Both direct and indirect methods of exoplanet detection rely upon detailed knowledge of the potential host stars. Such stellar characterization allows for accurate extraction of planetary properties, as well as contributing to our overall understanding of exoplanetary system architecture.

In this analysis, we examine the photometry of 264 known exoplanet host stars (harboring 337 planetary companions) that were observed during the TESS Prime Mission. We identify periodic signatures in the light curves of these stars and make possible connections to stellar pulsations and their rotation periods, and compare the stellar variability to the published planetary orbital periods.

From these comparisons, we quantify the effects of stellar variability on exoplanet detection, confirming that exoplanets detection is biased toward lower variability stars, but larger exoplanets dominate the population of exoplanets around variable stars.

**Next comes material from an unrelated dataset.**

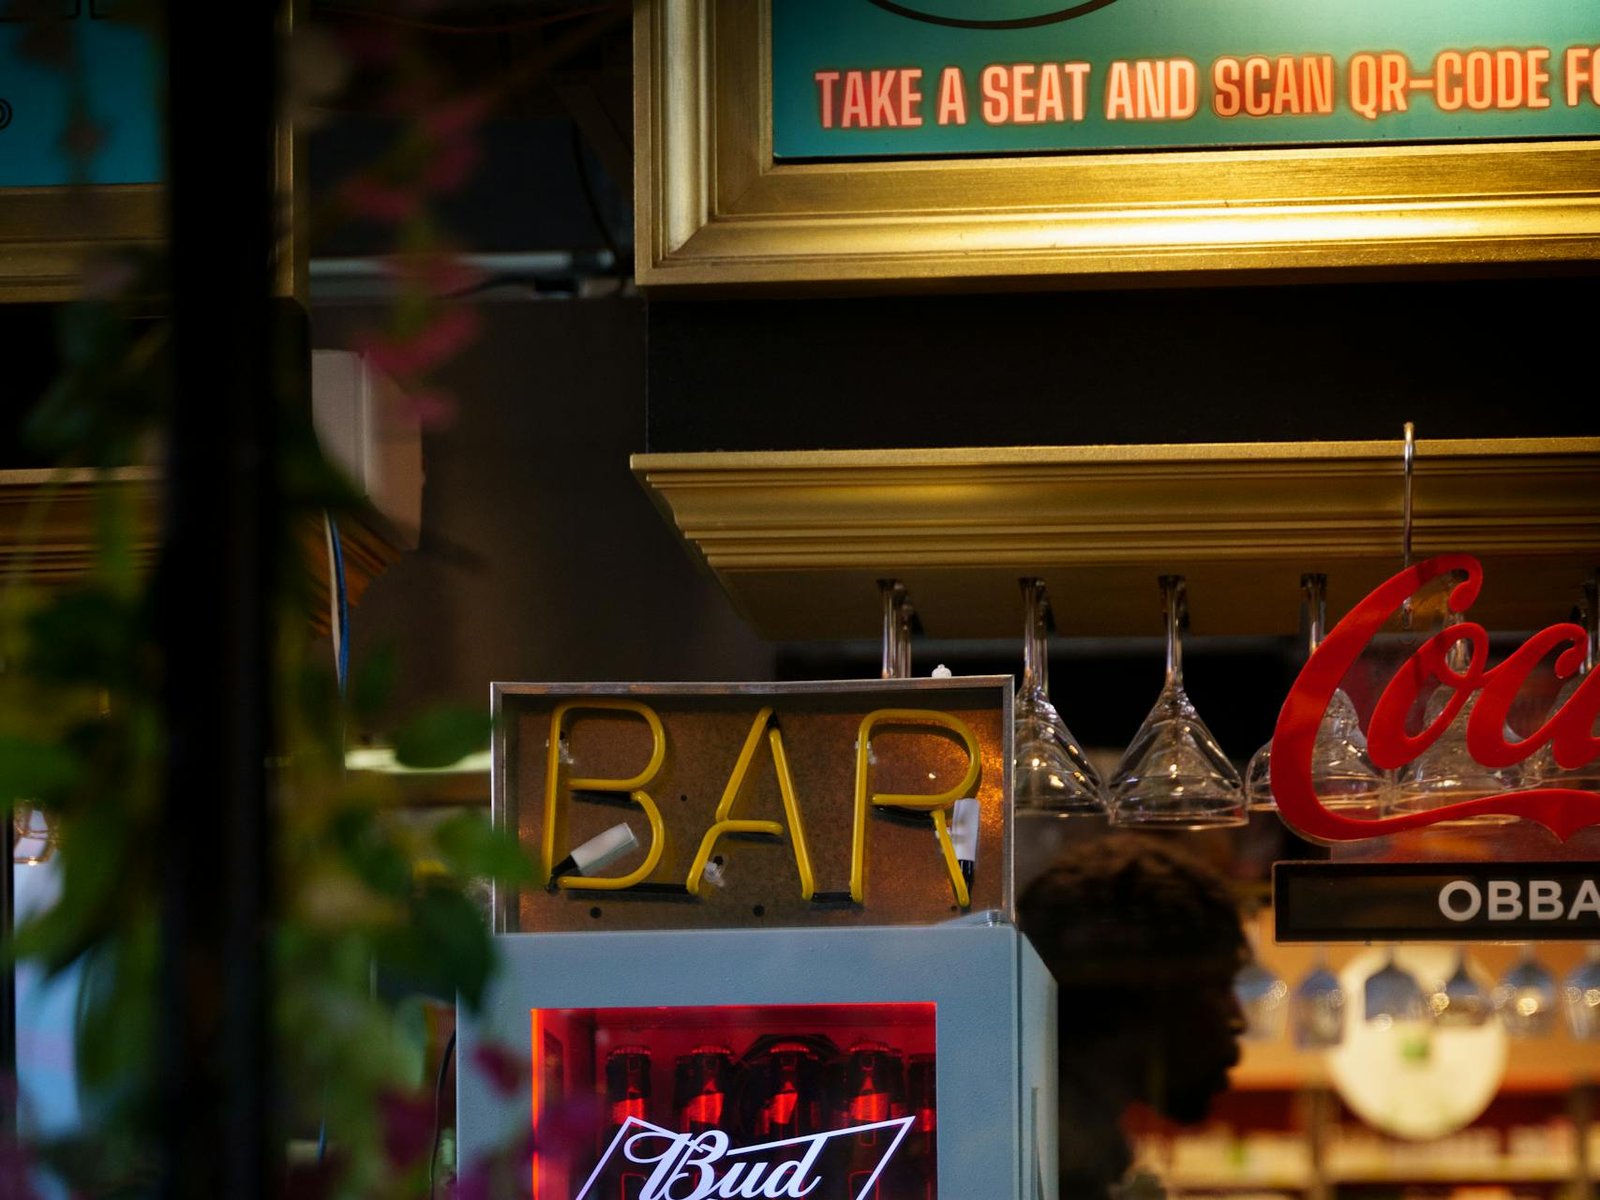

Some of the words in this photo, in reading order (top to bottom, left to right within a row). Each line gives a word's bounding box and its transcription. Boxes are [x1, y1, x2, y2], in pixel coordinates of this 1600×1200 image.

Exoplanet detection methods represented among these systems are distinct between stellar spectral types across the main sequence, though notable outliers exist. In addition, biases present in both the sourced data from TESS and the host star selection process, which strongly influences the representation of both stellar and planetary characteristics in the final populations. We also determine whether the host star’s photometric variability affects or mimics the behavior or properties of the system’s planets.

These results are discussed in the context of how the behavior of the host star is responsible for how we observe exoplanet characteristics, most notably their radii and atmospheric properties, and how the activity may alter our measurements or impact the evolution of planetary properties.

Emilie R. Simpson, Tara Fetherolf, Stephen R. Kane, Joshua Pepper, Teo Mocnik, Paul A. Dalba

Comments: 13 pages, 6 figures, resubmitted to AAS Journals after positive referee report
Subjects: Earth and Planetary Astrophysics (astro-ph.EP); Solar and Stellar Astrophysics (astro-ph.SR)
Cite as: arXiv:2305.09687 [astro-ph.EP] (or arXiv:2305.09687v1 [astro-ph.EP] for this version)
Submission history
From: Emilie Simpson
[v1] Mon, 15 May 2023 18:00:10 UTC (4,893 KB)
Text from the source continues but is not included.